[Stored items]
----

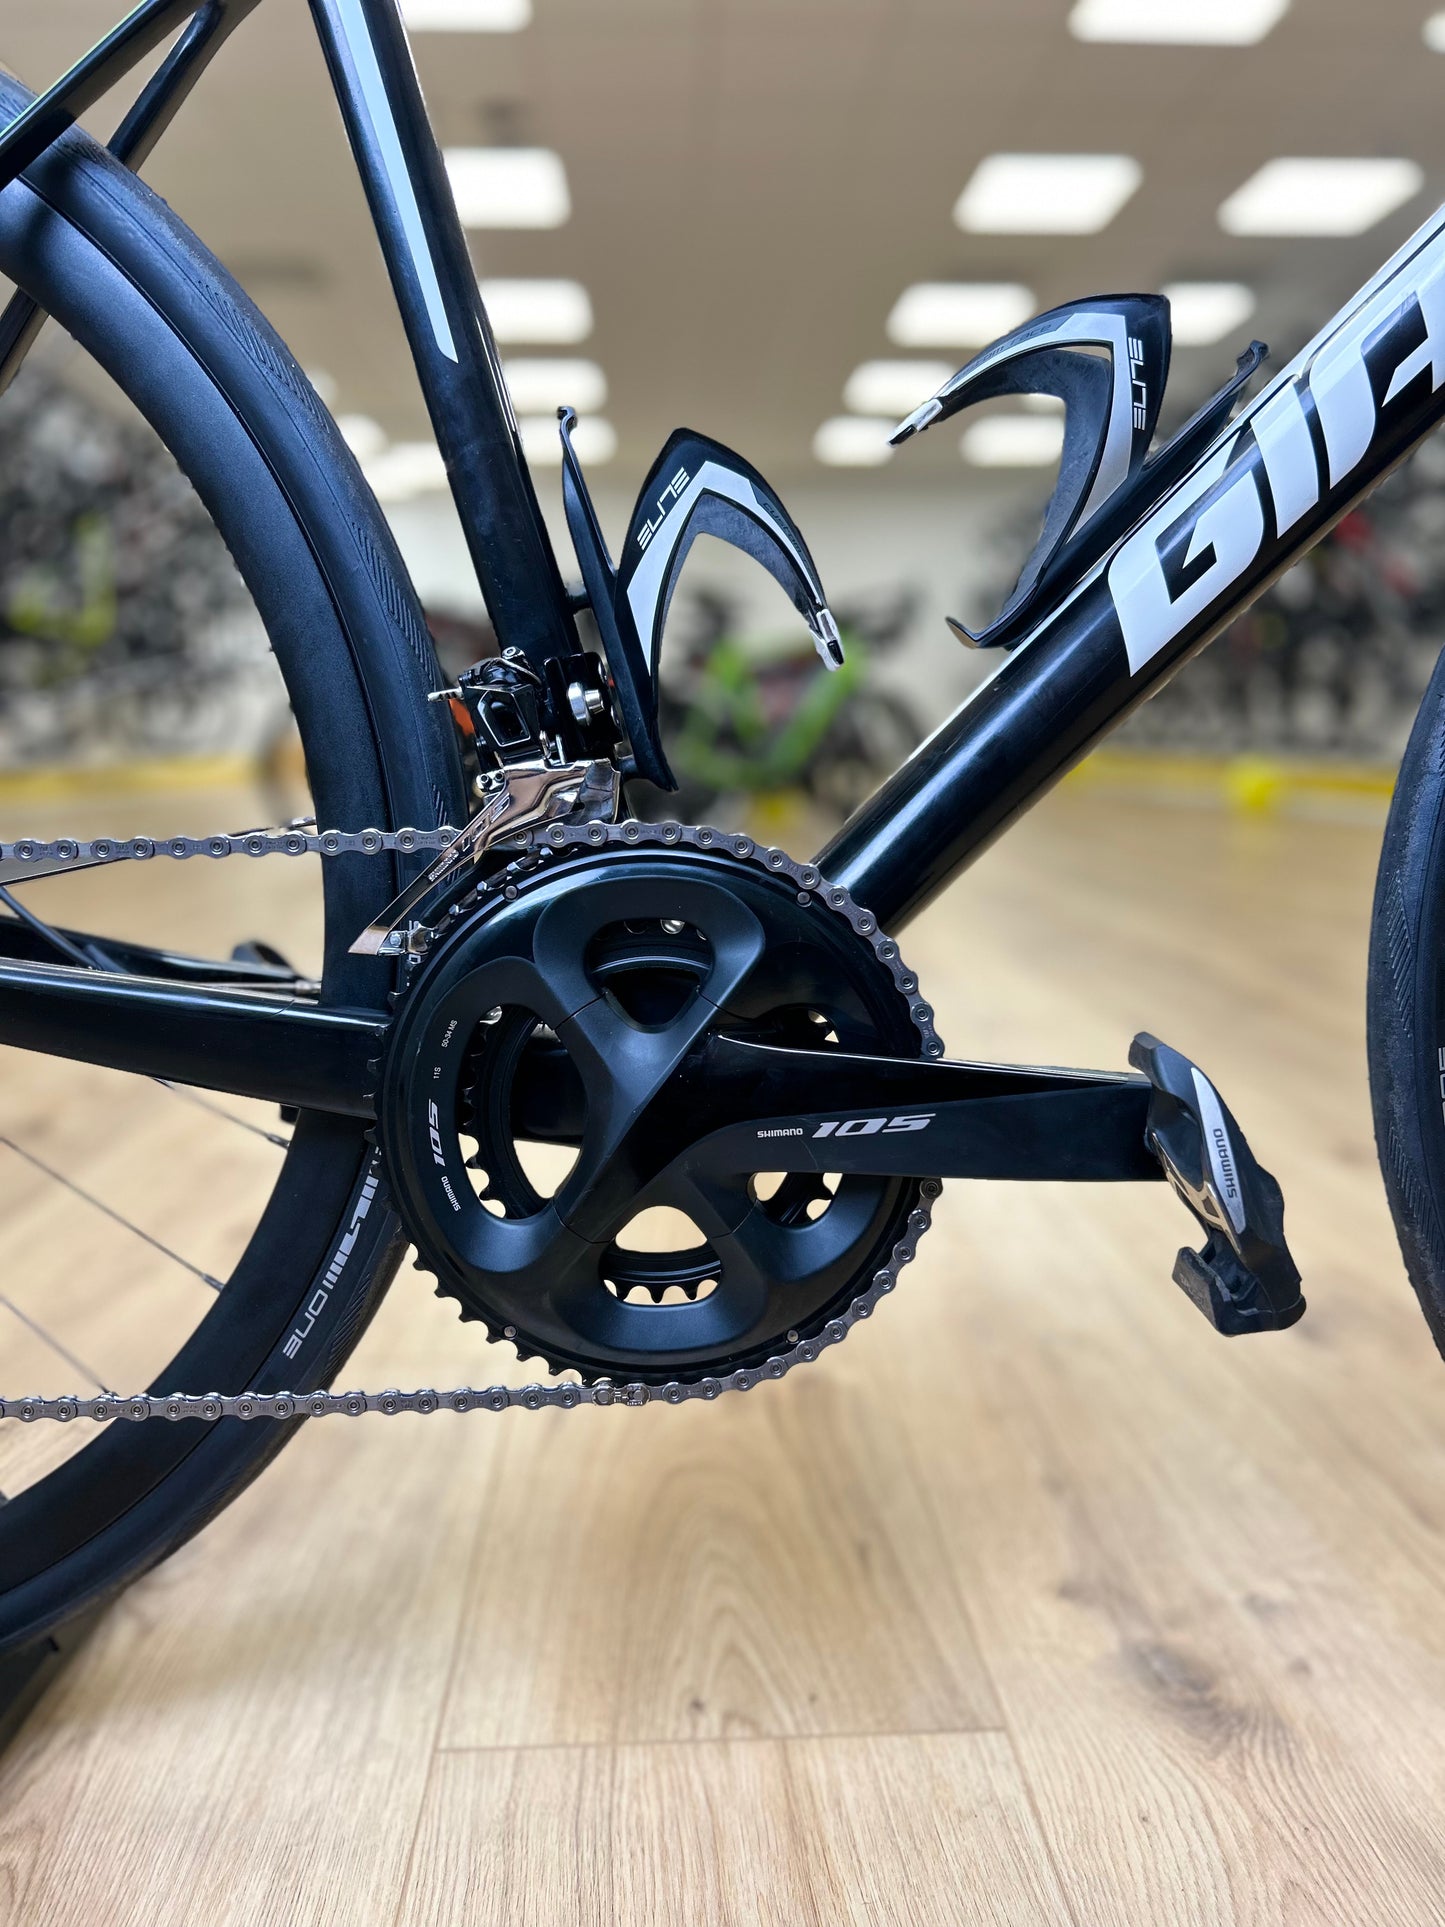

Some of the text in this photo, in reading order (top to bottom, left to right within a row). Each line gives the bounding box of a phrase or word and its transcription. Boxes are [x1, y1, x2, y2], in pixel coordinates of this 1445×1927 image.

[1127, 337, 1147, 431] ELITE
[636, 467, 690, 551] ELITE
[433, 1066, 441, 1079] 11S
[428, 1098, 446, 1167] 105
[757, 1113, 936, 1138] SHIMANO 105
[441, 1175, 462, 1212] SHIMANO
[1213, 1128, 1238, 1199] SHIMANO
[282, 1289, 329, 1359] ONE

----

_Task objective_
Leaving the pictures out, write out every entry exactly.

_Answer area_
Some of the text in this photo, in reading order (top to bottom, left to right within a row). Each line gives the bounding box of a phrase or word and its transcription. Boxes are [x1, y1, x2, y2], in pixel coordinates of this 1445×1927 image.

[1127, 337, 1147, 431] ELITE
[636, 467, 690, 551] ELITE
[433, 1066, 441, 1079] 11S
[428, 1098, 446, 1167] 105
[757, 1113, 936, 1138] SHIMANO 105
[441, 1175, 462, 1212] SHIMANO
[1213, 1128, 1238, 1199] SHIMANO
[282, 1289, 329, 1359] ONE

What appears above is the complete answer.